### DATASET RECORDS
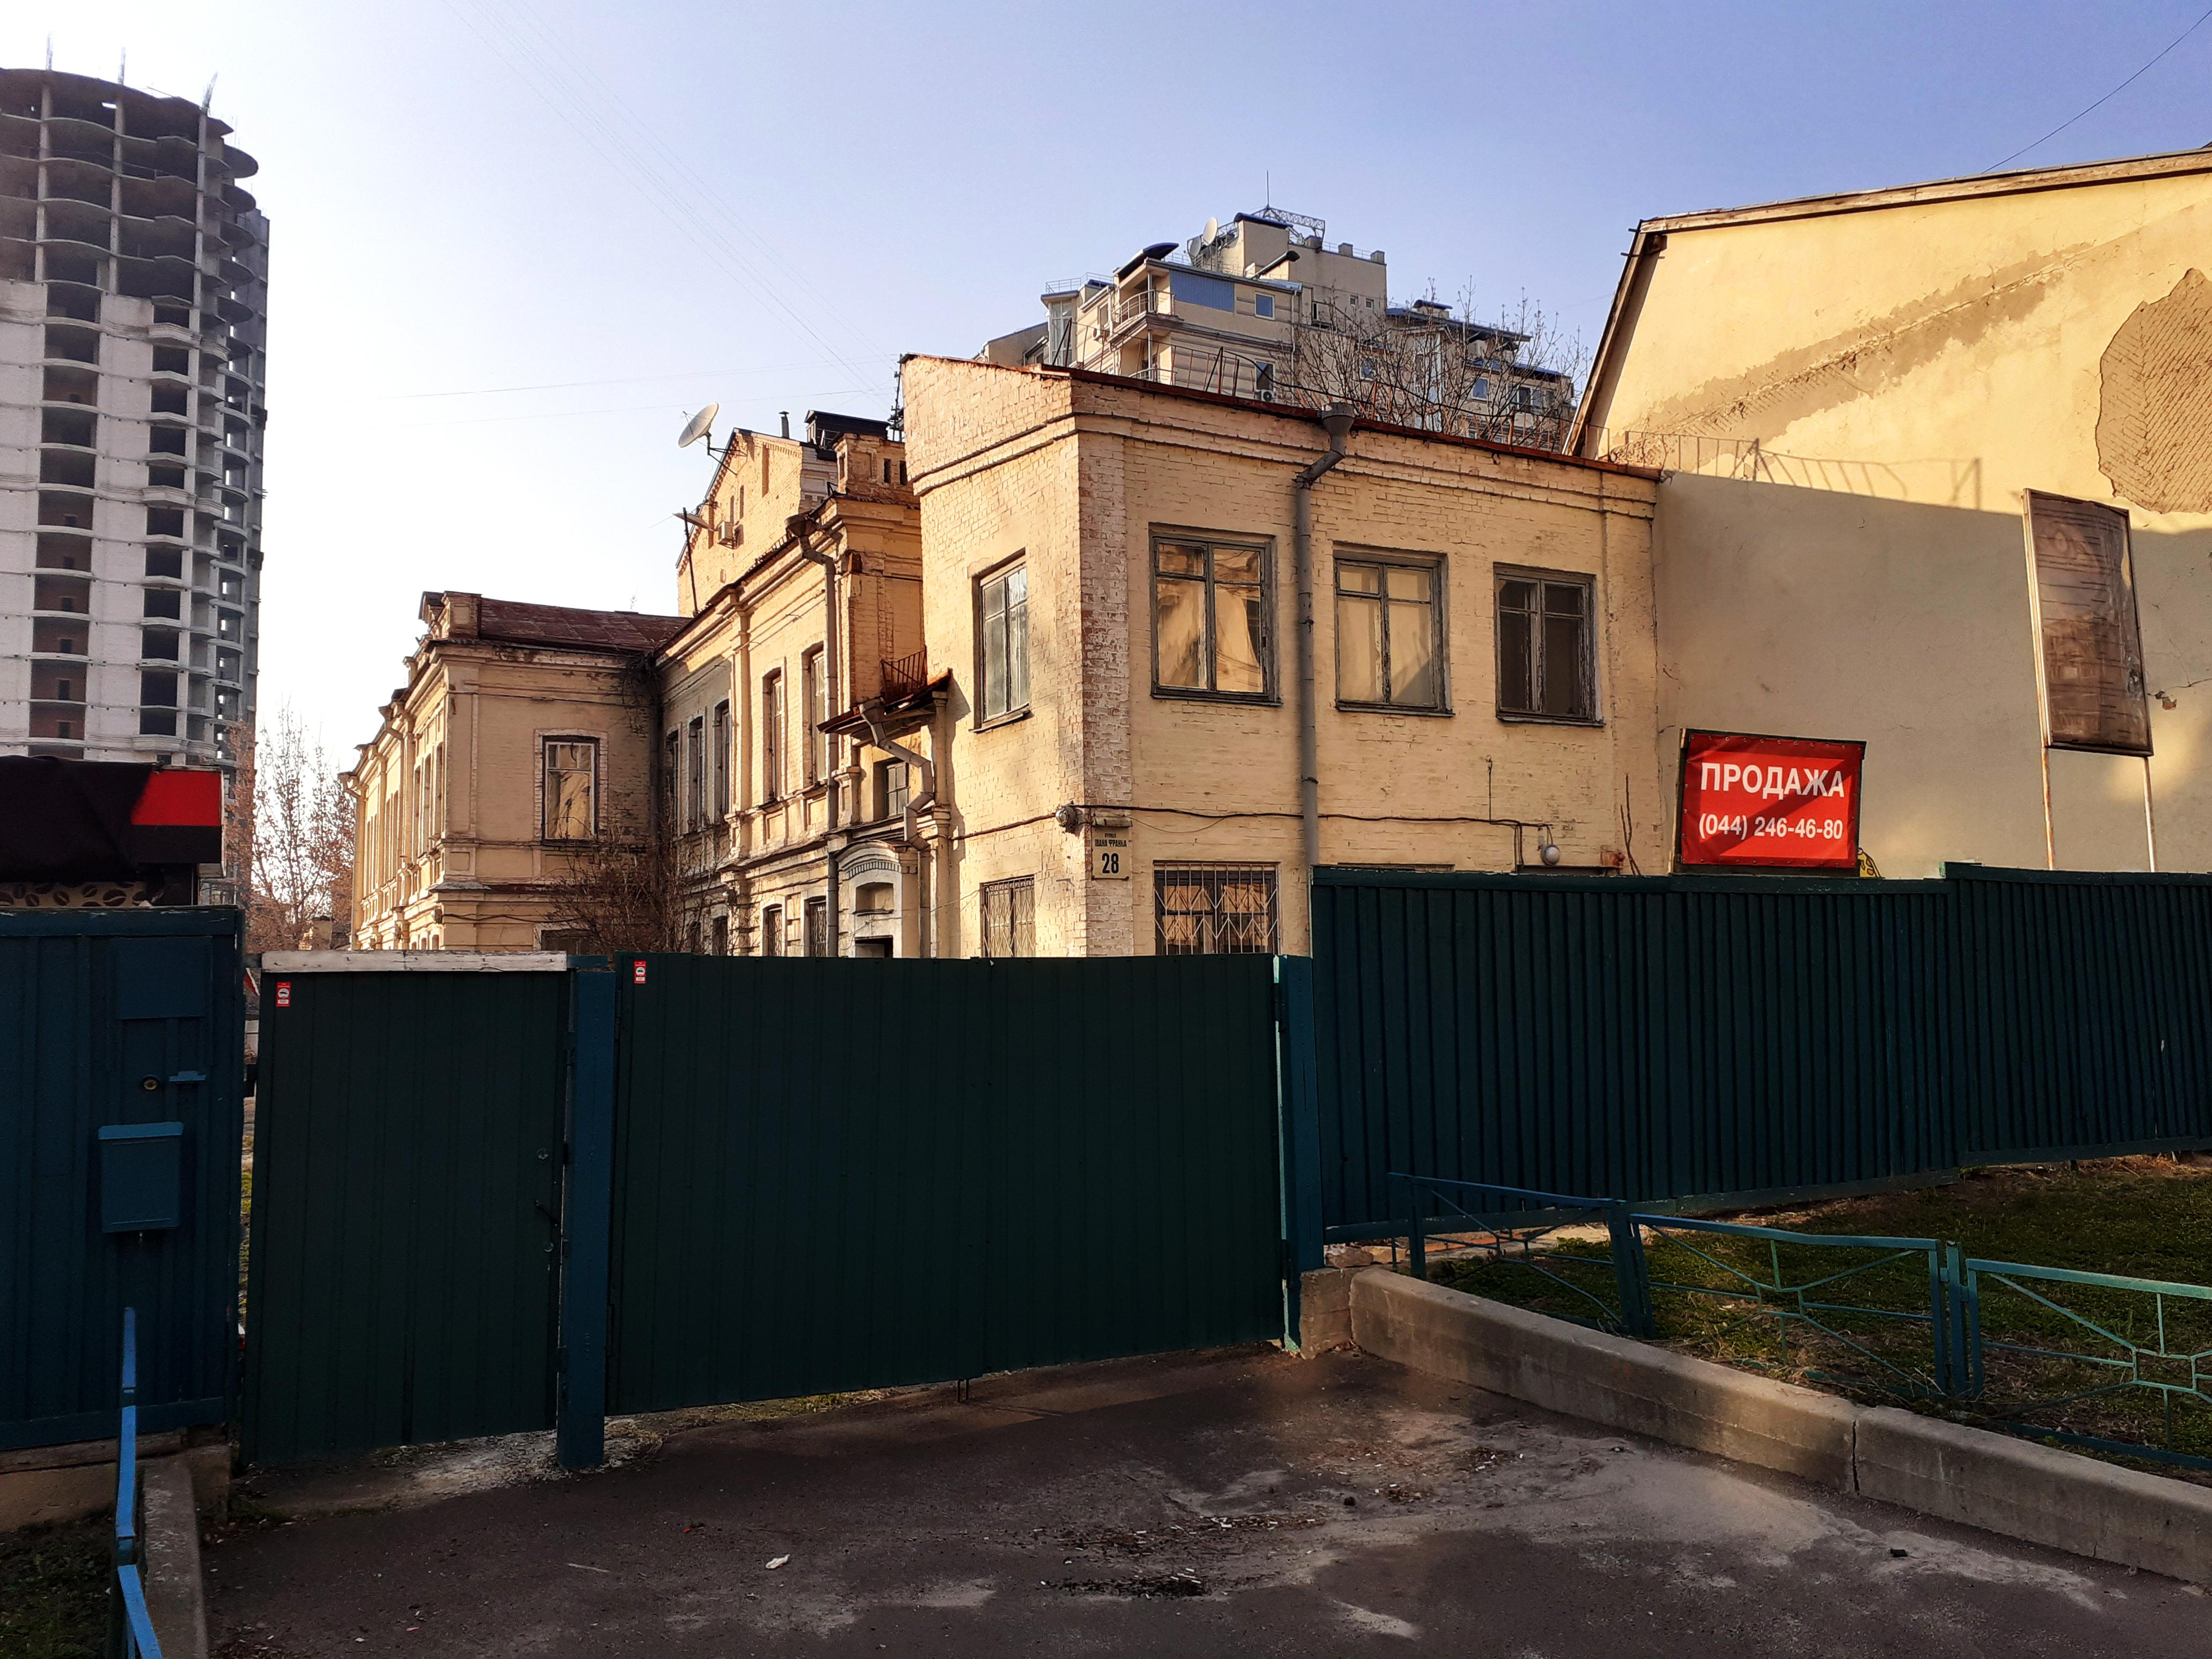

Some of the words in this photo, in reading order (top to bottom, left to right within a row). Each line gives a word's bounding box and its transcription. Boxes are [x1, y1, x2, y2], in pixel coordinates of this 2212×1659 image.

[1701, 762, 1844, 800] ПРОДАЖА
[1699, 813, 1747, 840] (044)
[1754, 816, 1843, 840] 246-46-80
[1102, 853, 1119, 874] 28
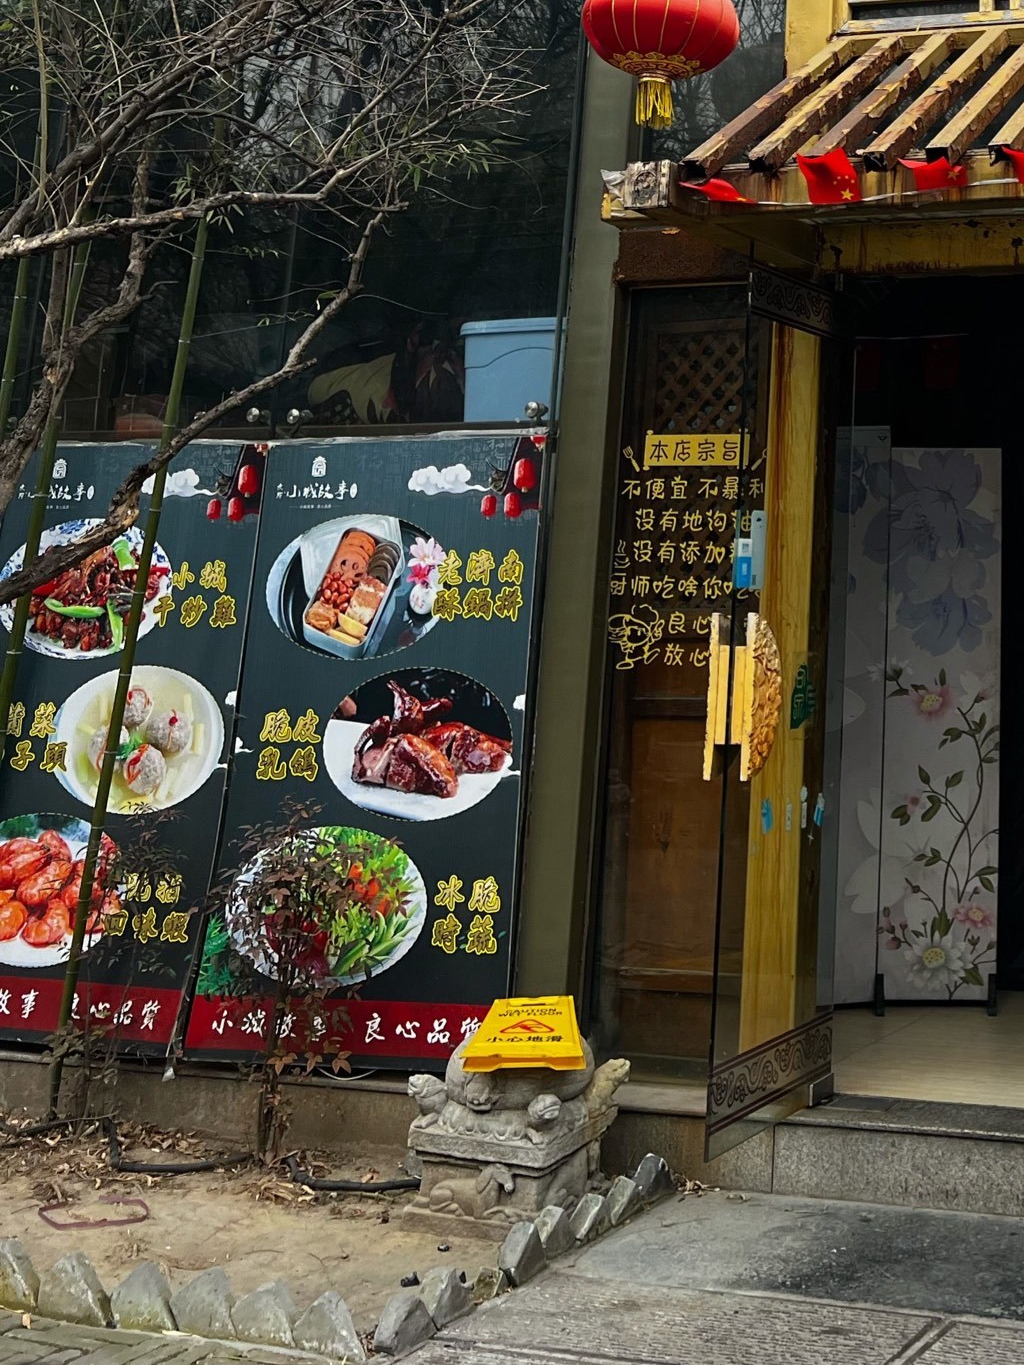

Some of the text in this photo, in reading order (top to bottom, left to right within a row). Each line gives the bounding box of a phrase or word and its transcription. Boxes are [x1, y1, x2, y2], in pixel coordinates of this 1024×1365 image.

[650, 439, 739, 462] 本店宗旨
[286, 480, 349, 500] 小城故事
[621, 475, 688, 499] 不便宜
[635, 508, 751, 532] 没有地沟油
[633, 540, 737, 565] 没有添加
[172, 559, 227, 592] 小城
[259, 708, 321, 743] 脆皮
[0, 740, 68, 773] 子頭
[434, 874, 501, 913] 冰脆
[431, 913, 498, 955] 時蔬
[486, 1035, 563, 1043] 小心地滑
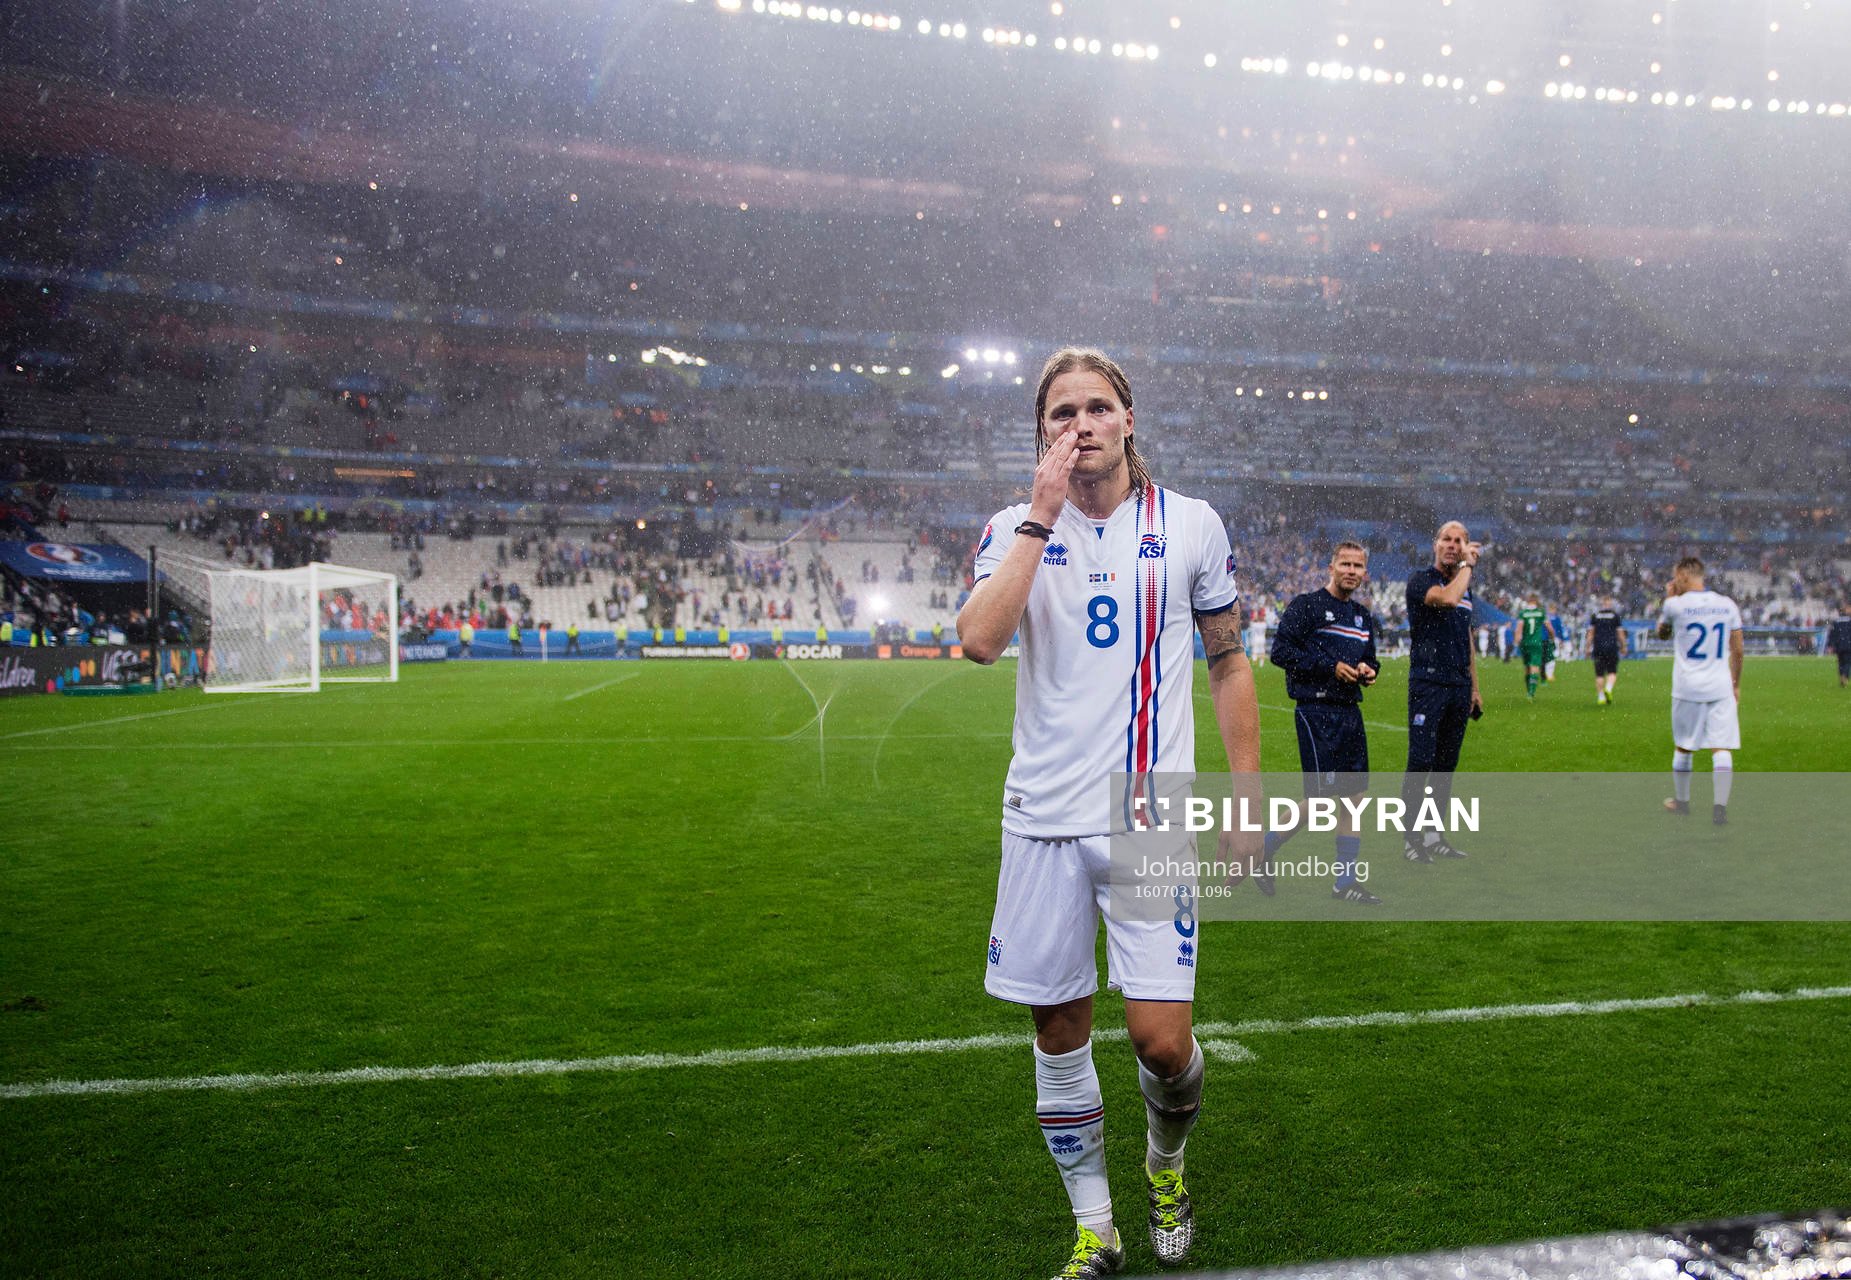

### REQUIRED ACTION
Only the lines from the one containing "Some of the text" through the last line of the entries belong in the answer, given again exactly. Images stay out.

### ANSWER TO THE EXERCISE
Some of the text in this photo, in reading order (top to bottom, left to right within a row). Each line gives the bounding box of a phrase or word and its transcription. Boxes are [x1, y1, x2, y2], in pixel coordinates of this 1024×1365 image.

[650, 439, 739, 462] 本店宗旨
[286, 480, 349, 500] 小城故事
[621, 475, 688, 499] 不便宜
[635, 508, 751, 532] 没有地沟油
[633, 540, 737, 565] 没有添加
[172, 559, 227, 592] 小城
[259, 708, 321, 743] 脆皮
[0, 740, 68, 773] 子頭
[434, 874, 501, 913] 冰脆
[431, 913, 498, 955] 時蔬
[486, 1035, 563, 1043] 小心地滑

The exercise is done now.